A BIT OF A PICKLE BY PAUL D. BRAZILL
The ghost of a Petula Clark song drifted into The Bag O’ Nails through a partly open window. A shard of sunlight sliced through the blinds, picking out specks of dust that floated in the air. An old electric kettle boiled in another room. A refrigerator hummed. A dishwasher chugged dully. A mangy black and white cat strolled across the newly polished bar before curling up on a wooden bar stool and going to sleep. Bertie Peaslee took another sip of warm beer and drowned in a haze of Proustian nostalgia.
***
A grubby-grey December morning had melted into an inky-black night. And then it all turned white. Ingrid Faith, tall blonde and unerringly magnificent, wore black sunglasses and black fur coat as she strode across a snow smothered Hyde Park, indifferent to the blizzard attacking her from all sides. She looked as if she owned the place, thought Peaslee, but then, she always did, wherever she went. Shivering, and slightly hung-over, he stumbled beside her, a gloved hand on his leather trilby, the other tugging at her elbow.
‘Ingrid,’ he yelled. ‘Slow down, sweetie. We need to talk about this. Jagger is getting too big for his boots and you know it. Jumped up little oik. ’
She stopped and gave Peaslee a withering smile. He wrapped his black overcoat tight.

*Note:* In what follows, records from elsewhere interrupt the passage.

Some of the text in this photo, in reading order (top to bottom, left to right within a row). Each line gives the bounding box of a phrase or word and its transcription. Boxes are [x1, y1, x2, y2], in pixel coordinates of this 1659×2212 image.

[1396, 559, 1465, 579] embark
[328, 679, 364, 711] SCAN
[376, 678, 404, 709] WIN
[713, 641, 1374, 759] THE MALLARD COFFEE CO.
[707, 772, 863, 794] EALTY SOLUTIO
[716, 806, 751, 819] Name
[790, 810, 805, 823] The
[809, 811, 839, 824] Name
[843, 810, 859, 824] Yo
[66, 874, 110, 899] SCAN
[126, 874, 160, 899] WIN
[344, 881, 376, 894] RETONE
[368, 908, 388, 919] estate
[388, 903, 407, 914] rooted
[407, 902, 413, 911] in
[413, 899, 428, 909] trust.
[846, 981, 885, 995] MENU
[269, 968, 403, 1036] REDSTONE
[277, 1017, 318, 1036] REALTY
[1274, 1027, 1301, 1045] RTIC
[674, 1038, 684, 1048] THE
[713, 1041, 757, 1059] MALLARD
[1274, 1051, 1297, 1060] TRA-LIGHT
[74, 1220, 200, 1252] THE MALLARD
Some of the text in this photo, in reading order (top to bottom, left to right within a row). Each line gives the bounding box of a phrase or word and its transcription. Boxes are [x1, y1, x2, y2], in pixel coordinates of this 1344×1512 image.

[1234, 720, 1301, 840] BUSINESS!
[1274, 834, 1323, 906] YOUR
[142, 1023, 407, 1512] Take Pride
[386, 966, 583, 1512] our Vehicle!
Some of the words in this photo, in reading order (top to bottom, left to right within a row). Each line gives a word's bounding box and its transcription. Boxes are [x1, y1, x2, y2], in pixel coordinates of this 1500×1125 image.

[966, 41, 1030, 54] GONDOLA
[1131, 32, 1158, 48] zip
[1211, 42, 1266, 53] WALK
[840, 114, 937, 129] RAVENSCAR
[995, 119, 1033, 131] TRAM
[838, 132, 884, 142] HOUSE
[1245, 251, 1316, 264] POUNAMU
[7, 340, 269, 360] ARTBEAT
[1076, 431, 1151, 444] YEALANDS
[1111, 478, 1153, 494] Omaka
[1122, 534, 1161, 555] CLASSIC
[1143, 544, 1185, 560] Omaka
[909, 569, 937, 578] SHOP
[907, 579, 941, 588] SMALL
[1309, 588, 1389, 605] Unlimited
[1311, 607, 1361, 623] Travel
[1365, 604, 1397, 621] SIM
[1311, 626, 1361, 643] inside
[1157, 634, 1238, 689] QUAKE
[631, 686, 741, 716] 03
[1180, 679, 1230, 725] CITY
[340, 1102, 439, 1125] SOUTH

‘Now, now, Bertie,’ she purred. ‘Now, now.’
‘Well, it’s true. I never thought I’d meet anyone less talented than Epstein’s ragged-trousered ruffians but …’
Ingrid put a finger to his lips and nodded over his shoulder. He turned.
A chubby policeman ran up to them, slipping and sliding.
‘Miss Faith,’ he gasped. ‘Miss Faith.’
Peaslee shuddered and not with the cold. The policeman took off his tall helmet. Snowflakes covered his Brylcreem clogged black hair like old confetti.
‘Could I have your autograph please, Miss Faith?’ he mumbled. ‘I’m a big fan of yours.’
‘Of course, darling!’ She beamed at him. ‘What’s your name?’
‘Edward Carr,’ he said. ‘My mates call me Ed Cars!’
He chuckled and Ingrid laughed loudly, clasping his arm.
‘I’m sure they do, darling. I’m sure they do.’
Ingrid scrawled something in his notebook, kissed it and then kissed him on the cheek. He flushed.
‘Th ... thanks. I thought you magnificent in Carry On Croaking. Is it true you’re going to be in one of them Hammer films with that Christopher Lee?’
He licked his lips.
‘Oh, don’t believe everything you read in the papers, Eddie,’ said Ingrid. ‘Things aren’t always as they appear to be. ’
Ingrid took the policeman by the shoulders and turned him towards the park gates.
‘Ciao, dahling!’ she said, using her catchphrase from her latest hit film - a strained romantic comedy called ‘Latino Palaver.’
She waved and blew a kiss as the giddy policeman wandered off toward the park gates. She turned to Peaslee and scowled.
‘Let’s get back to the hotel, darling. I need my medicine.’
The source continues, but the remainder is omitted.